Aumentar o desempenho intelectual, ter mais disposição para estudar e melhorar a atuação no trabalho. Essas razões levam profissionais e estudantes ao consumo de smart drugs – algo que já é tendência. São psicoestimulantes que prometem aperfeiçoamento cognitivo, mesmo em pessoas que não apresentam problemas psiquiátricos e neurológicos.
Entretanto, quem consome está sujeito a riscos e efeitos colaterais.
O que são smart drugs
As smart drugs são pílulas indicadas para quem apresenta problemas como déficit de atenção, mal de Alzheimeir e hiperatividade.
“São medicamentos que passaram a ser empregados com outros fins”, explica o psiquiatra Pedro Ferreira, professor da Faculdade de Medicina da PUC-RS e coordenador do Ambulatório de Dependência Química do Hospital São Lucas da PUCRS. No Brasil, a utilização das “medicações inteligentes” entre os jovens se torna cada vez mais comum.
Diferentes substâncias são rotuladas como smart drugs: modafinil, metilfenidato, pirodina-acetanida e ritalina, por exemplo. “A preferida entre os estudantes é o metilfenidato, empregado no tratamento de Transtorno de Déficit de Atenção e Hiperatividade (TDAH)”, observa o psiquiatra.
Ferreira menciona que o consumo é feito de forma off-label, diferente do que é orientado na bula, para um aprimoramento cognitivo. “Essas medicações supostamente melhorariam as funções cognitivas: memória, capacidade de focar e sustentar a atenção por um tempo adequado e a orientação tempo/espaço/pessoa”, esclarece o psiquiatra.
De acordo com ele, essas funções psíquicas estão intimamente relacionadas à aprendizagem e às funções executivas, como a capacidade de tomar decisões, executar e finalizar tarefas. “Em um mundo competitivo como o nosso, para um número crescente de pessoas, o seu incremento se torna atraente”, pontua.
Mas como essas medicações afetam o organismo?
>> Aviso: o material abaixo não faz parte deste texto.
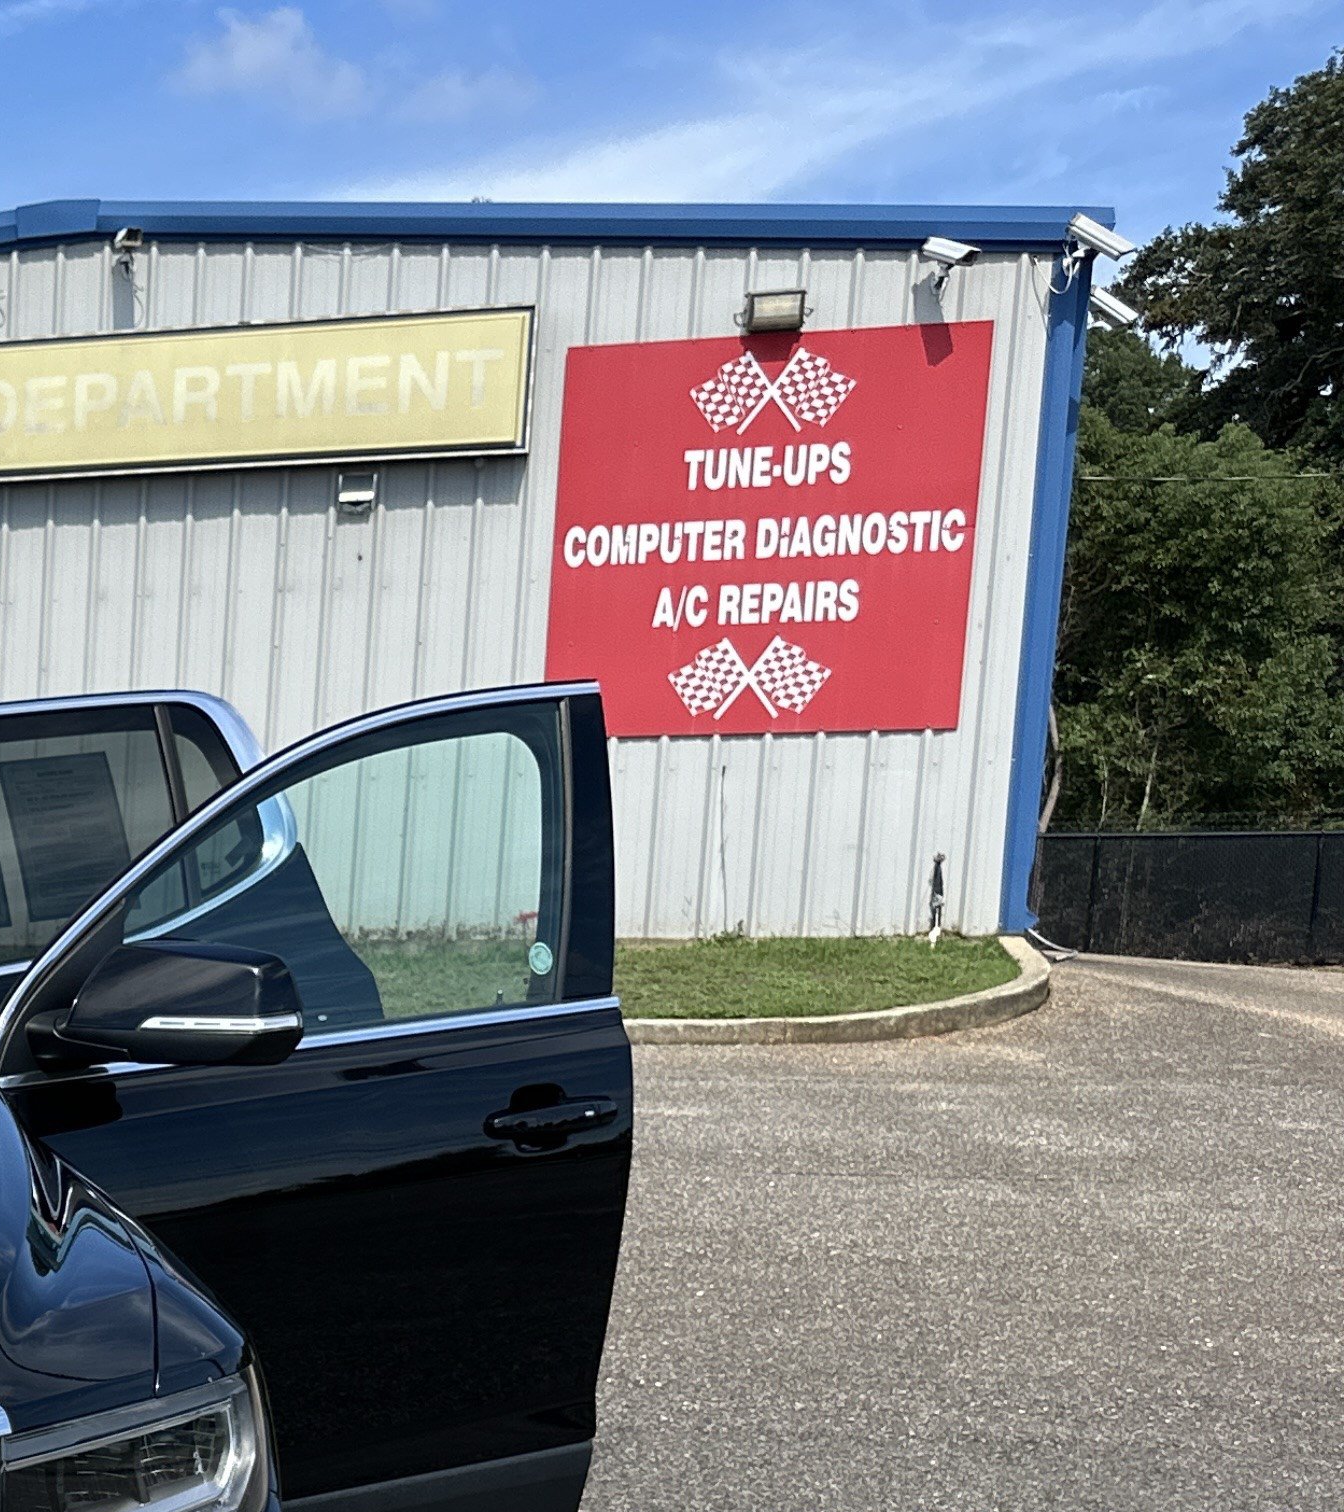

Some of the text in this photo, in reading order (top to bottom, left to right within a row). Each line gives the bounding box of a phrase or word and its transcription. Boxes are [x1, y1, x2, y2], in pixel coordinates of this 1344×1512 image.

[684, 443, 852, 490] TUNE-UPS
[564, 509, 966, 568] COMPUTER DIAGNOSTIC
[652, 579, 860, 632] A/C REPAIRS
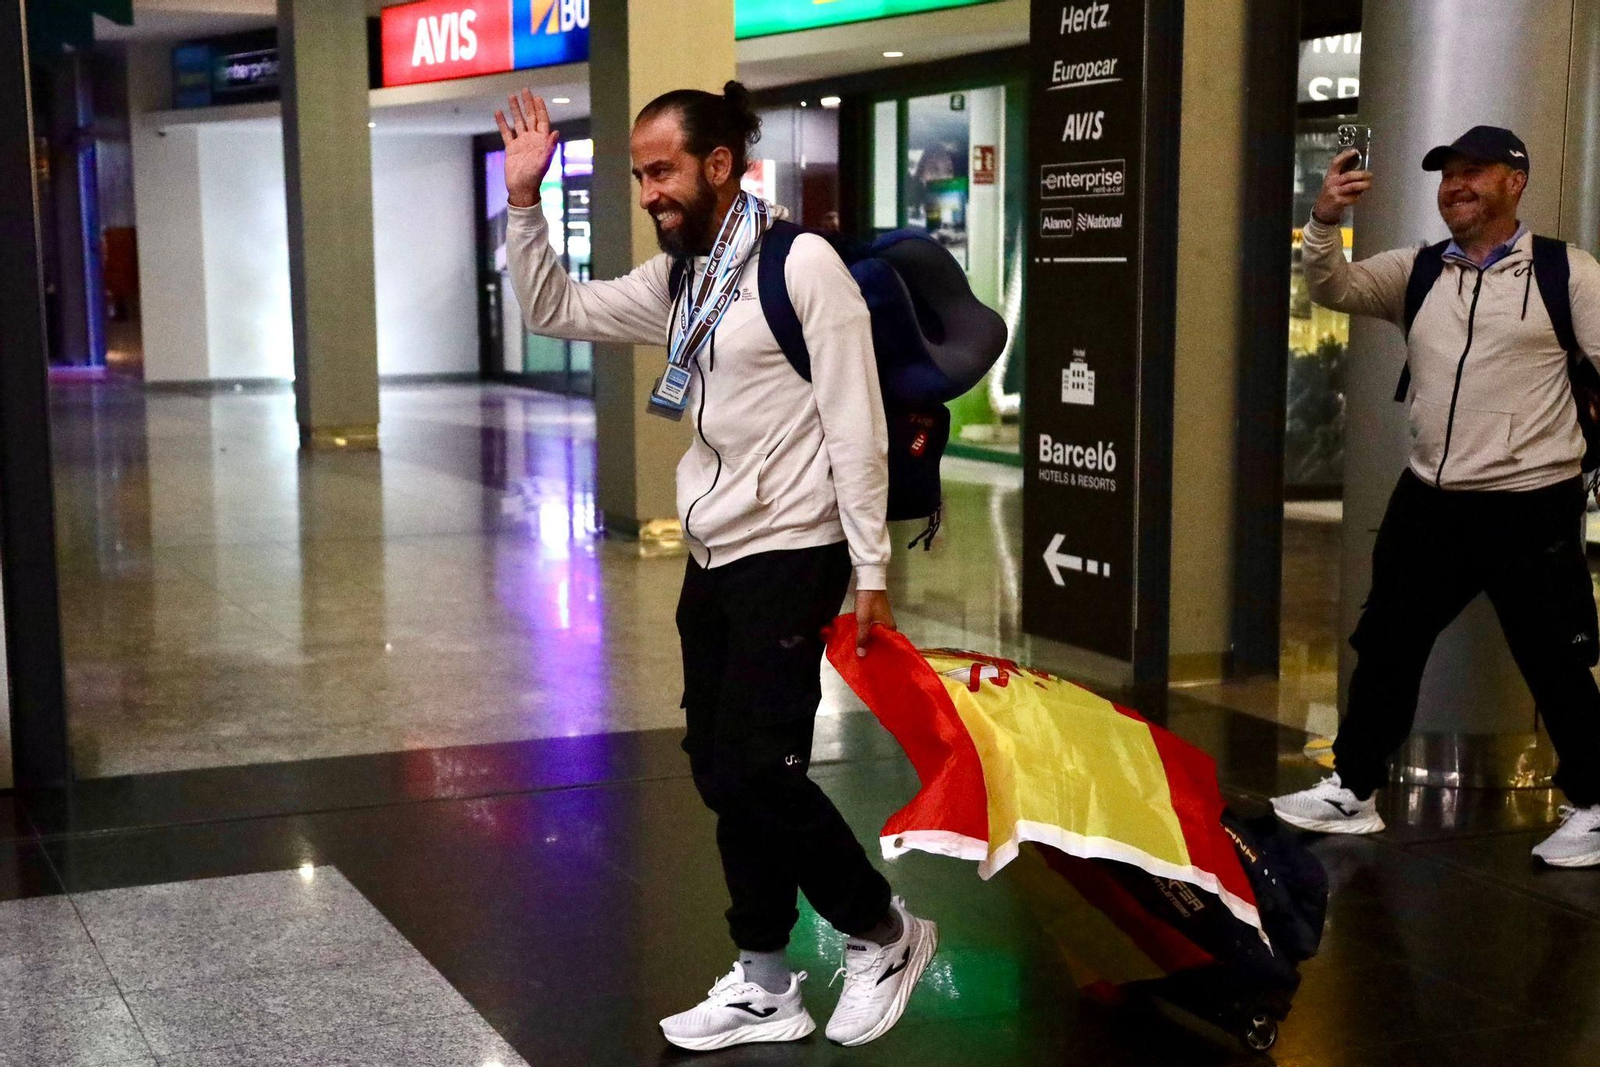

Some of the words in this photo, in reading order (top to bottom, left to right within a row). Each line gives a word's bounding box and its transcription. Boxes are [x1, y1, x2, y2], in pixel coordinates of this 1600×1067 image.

[1060, 2, 1109, 35] Hertz
[412, 9, 477, 66] AVIS
[1052, 58, 1118, 83] Europcar
[1062, 110, 1105, 142] AVIS
[1046, 167, 1123, 191] enterprise
[1042, 216, 1072, 229] Alamo
[1086, 213, 1123, 229] National
[1039, 433, 1116, 472] Barceló
[1039, 469, 1069, 484] HOTELS
[1071, 473, 1076, 486] &
[1077, 474, 1116, 492] RESORTS
Ferreira afirma que, de um modo geral, agem em sistemas de neurotransmissores envolvidos com as funções cognitivas, executivas e o sistema de gratificação cerebral. “Em alguns relatos, há constatações de melhoria no aprendizado e capacidade intelectual e de controlar o cansaço e o sono excessivos durante o dia”, diz.
Quando são indicadas?
Embora o uso seja cada vez mais acentuado, as smart drugs são indicadas para psicopatologias envolvendo déficits cognitivos. Entre elas, TDAH, estados demenciais ou patologias que comprometem as funções cerebrais e alteram as cognitivas, conforme explica o psiquiatra.
“Os benefícios vão desde uma melhoria na vida acadêmica, familiar e sócio-ocupacional nas pessoas que apresentam patologias envolvendo disfunção executiva até, em alguns casos, aprimoramento no sistema atencional e no desempenho intelectual mesmo em indivíduos saudáveis”, diz Ferreira.
Entretanto, o uso por pessoas que não têm real necessidade envolve perigo. Segundo o psiquiatra, o grande risco da prescrição off-label resulta com frequência da inexperiência de quem a recomenda.
“Muitos dos sistemas neurotransmissores que conhecemos e que estão ligados à memória, aprendizado e sensação de gratificação, além da diminuição da sensação de cansaço físico e mental também participam de outros processos mentais”, salienta Ferreira.
Por isso, o uso pode agir sobre outras funções. É o que explica o psiquiatra: “Esse tipo de medicação, visando melhorar artificialmente a cognição, aprendizado e gratificação, poderá afetar outras funções cerebrais, com efeitos imprevisíveis”, alerta. Ferreira menciona uma das consequências é o desencadeamento de psicopatologias que estavam em estado latente.
Nesse rol, entram psicopatologias como transtorno do humor bipolar, psicose, tiques nervosos, além de acne, cefaleia, anorexia e diminuição do crescimento na infância. Alguns medicamentos podem causar dependência.
Dilema ético
O debate sobre smart drugs é rondado por questões éticas na comunidade científica: o consumo dessas substâncias para melhorar o desempenho em um concurso ou a atuação profissional pode ser caracterizado como doping?
“Um dos questionamentos se baseia na possibilidade de o emprego das substâncias agravar as desigualdades sociais. Ou, pelo contrário, elas não poderiam proporcionar uma ‘compensação’ para quem não teve bom desempenho na escola ou em concursos por conta de desigualdades sociais, reduzida inteligência, menor capacidade de memorizar ou de manter a atenção?”, indaga Ferreira.
Para ele, pesquisa e produção de smart drugs seguras e eficazes devem se intensificar nos próximos anos. “Mas as questões sobre a ética do aprimoramento cognitivo já começa a ser discutida pela comunidade científica e imprensa internacional”, afirma.